Today I learned a very sad and tragic thing. My colleague’s daughter passed away unexpectedly this morning. She was only 37. She left behind a husband and two children. And it happened so quickly. She got sick on Sunday, went to InstaCare Monday and was in ICU by Monday night with pneumonia.
By this morning she had passed away.
Oh how my heart goes out to this colleague, especially since her daughter was her only child.
I wish there was something, anything I could say to help ease the pain. But, I learned through my own experience last year that at times like these there’s often no words that can bring comfort, especially when the grief is fresh and raw. Everyone grieves so differently that what works for one person won’t necessarily work for someone else. And words are most often inadequate.
I know people say platitudes with the intention of offering comfort in the only way they know.

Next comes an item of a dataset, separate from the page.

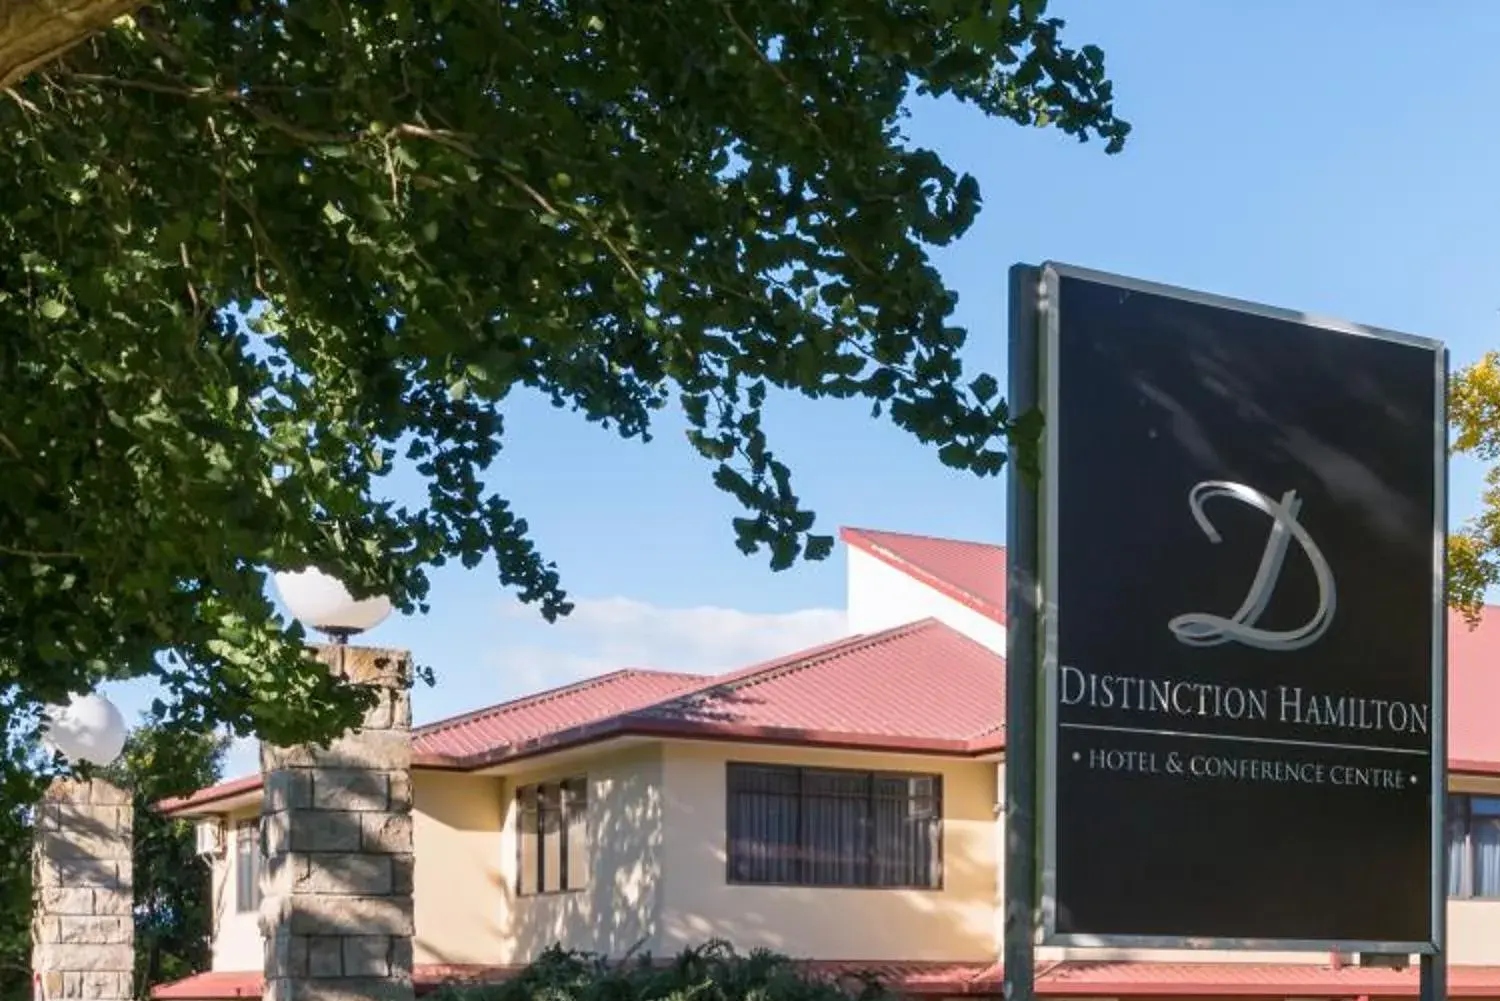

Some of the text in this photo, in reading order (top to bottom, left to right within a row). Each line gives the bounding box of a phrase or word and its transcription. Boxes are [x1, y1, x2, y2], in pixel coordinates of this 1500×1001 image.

[1060, 665, 1428, 735] DISTINCTION HAMILTON
[1089, 749, 1405, 790] HOTEL & CONFERENCE CENTRE

But, honestly they just aren’t very helpful. Although the main one everyone said to me after my niece died means more to me now, at the time of my loss I got sick of hearing it. I don’t want to be one of those who say the expected phrases.
I don’t want to make this about me because it’s not, but today was a hard day. I think everyone on my floor was upset by the news. It brings home to everyone just how fragile life is and what’s really important. For me, it brought back all the feelings from the day Ashley died and how empty and sad I felt. That was a pretty sucky day and there were many others that followed. I’m stronger for having lived through it, but it’s not a time I want to go back to.
The point of all this is just that although this isn’t my personal loss, I still feel it affects me in that I care about the person it happened to. I know how much losing someone you loves hurts, and I just hope we’re able to give her the support she needs in the way that’s most helpful for her. More importantly, I hope she feels the love of her Father in Heaven and Savior Jesus Christ. They can’t take away the pain she feels, but they can offer comfort and send tender mercies along the way.